Indicate by check mark if the registrant is a well-known seasoned issuer, as defined in Rule 405 of the Securities Act.    Yes  x    No  ¨

Indicate by check mark if the registrant is not required to file reports pursuant to Section 13 or Section 15(d) of the Exchange Act.    Yes  ¨    No  x

Indicate by check mark whether the registrant (1) has filed all reports required to be filed by Section 13 or 15(d) of the Securities Exchange Act of 1934 during the preceding 12 months (or for such shorter period that the registrant was required to file such reports), and (2) has been subject to such filing requirements for the past 90 days.    Yes  x    No  ¨

Indicate by check mark whether the registrant has submitted electronically and posted on its corporate Web site, if any, every Interactive Data File required to be submitted and posted pursuant to Rule 405 of Regulation S-T (§232.405 of this chapter) during the preceding 12 months (or for such shorter period that the registrant was required to submit and post such files).    Yes  x    No  ¨

Indicate by check mark if disclosure of delinquent filers pursuant to Item 405 of Regulation S-K is not contained herein and will not be contained, to the best of registrant’s knowledge, in definitive proxy or information statements incorporated by reference in Part III of this Form 10-K or any amendment to this Form 10-K.  ¨

Indicate by check mark whether the registrant is a large accelerated filer, an accelerated filer, a non-accelerated filer, or a smaller reporting company.

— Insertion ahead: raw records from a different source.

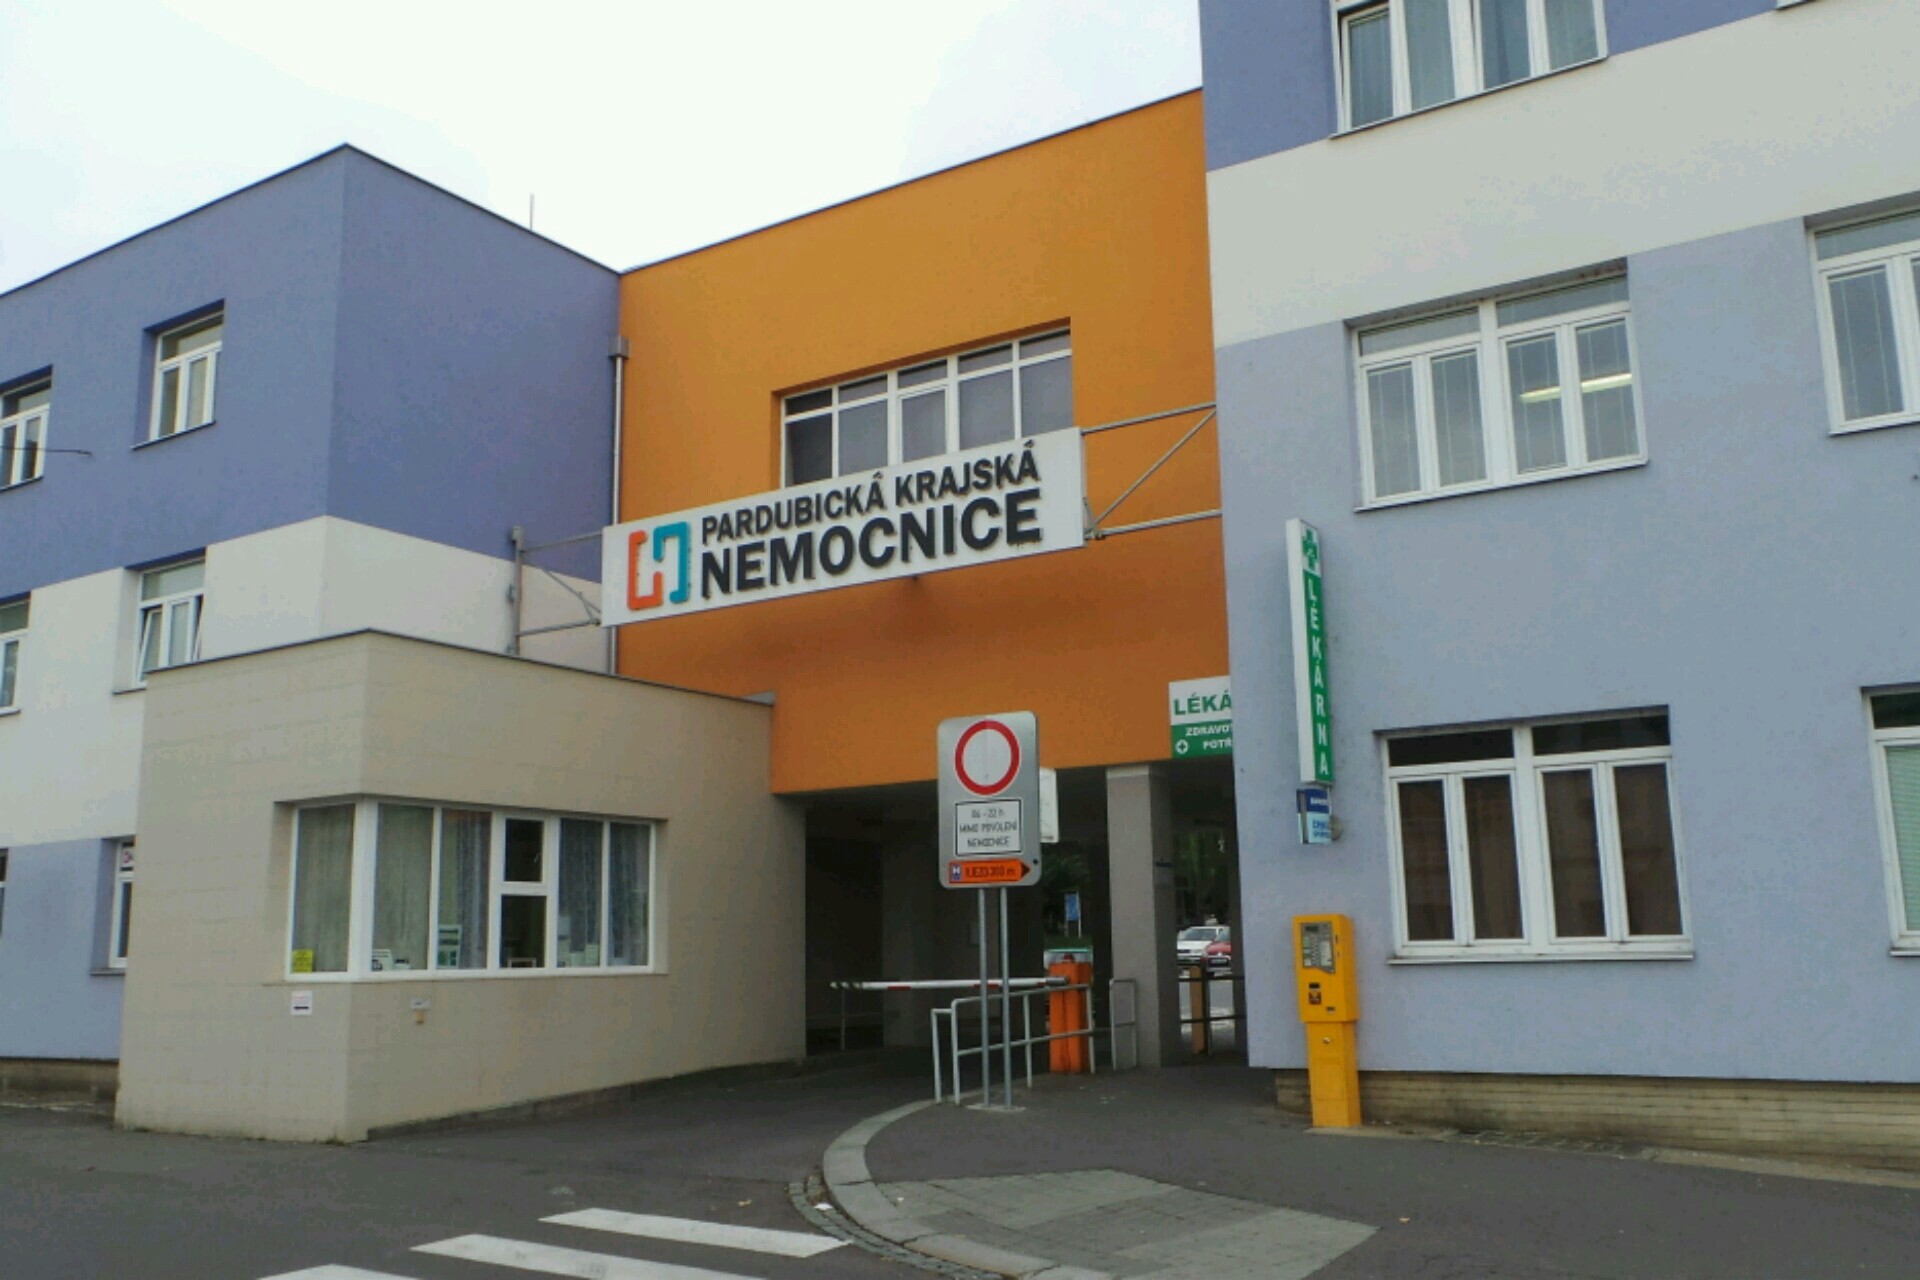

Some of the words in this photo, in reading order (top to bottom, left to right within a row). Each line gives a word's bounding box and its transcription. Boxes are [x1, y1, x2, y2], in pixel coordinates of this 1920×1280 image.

[702, 471, 886, 546] PARDUBICKÁ
[895, 439, 1041, 506] KRAJSKÁ
[702, 487, 1042, 600] NEMOCNICE
[1174, 689, 1231, 715] LÉKÁ
[1308, 578, 1329, 775] LÉKÁRNA

See definition of “large accelerated filer,” “accelerated filer” and “smaller reporting company” in Rule 12b-2 of the Exchange Act. (Check one):

 

Large accelerated filer   x    Accelerated filer   ¨
Non-accelerated filer   ¨    Smaller reporting company   ¨

Indicate by check mark whether the registrant is a shell company (as defined in Rule 12b-2 of the Exchange Act).    Yes  ¨    No  x

The aggregate market value of the registrant’s common stock held by nonaffiliates of the registrant on the last business day of the registrant’s most recently completed second fiscal quarter (based on the closing sales price on the New York Stock Exchange on June 30, 2011) was approximately $4.7 billion.

The number of shares of the registrant’s common stock outstanding at February 10, 2012 was 235,056,441.

 

 

DOCUMENTS INCORPORATED BY REFERENCE

Portions of the registrant’s Proxy Statement filed with the Securities and Exchange Commission pursuant to Regulation 14A under the Securities Exchange Act of 1934 in connection with the registrant’s 2012 Annual Meeting of Stockholders are incorporated by reference into Part III of this report.

 

 

 


EXPLANATORY NOTE

This Amendment No. 1 on Form 10-K/A (this “Form 10-K/A”) to our Annual Report on Form 10-K for the year ended December 31, 2011, initially filed with the Securities and Exchange Commission on February 29, 2012 (the “Original Filing”), is being filed to amend the Signature Page to the Original Filing to remove the name and conformed signature of Mr. Ronald C. Cambre, who retired from our Board of Directors on May 6, 2011. In addition, in connection with the filing of this Form 10-K/A, we are including certifications from our Chief Executive Officer and Chief Financial Officer as required by Section 302 of the Sarbanes-Oxley Act of 2002. Such certifications are attached to this Form 10-K/A as Exhibits 31.1 and 31.2.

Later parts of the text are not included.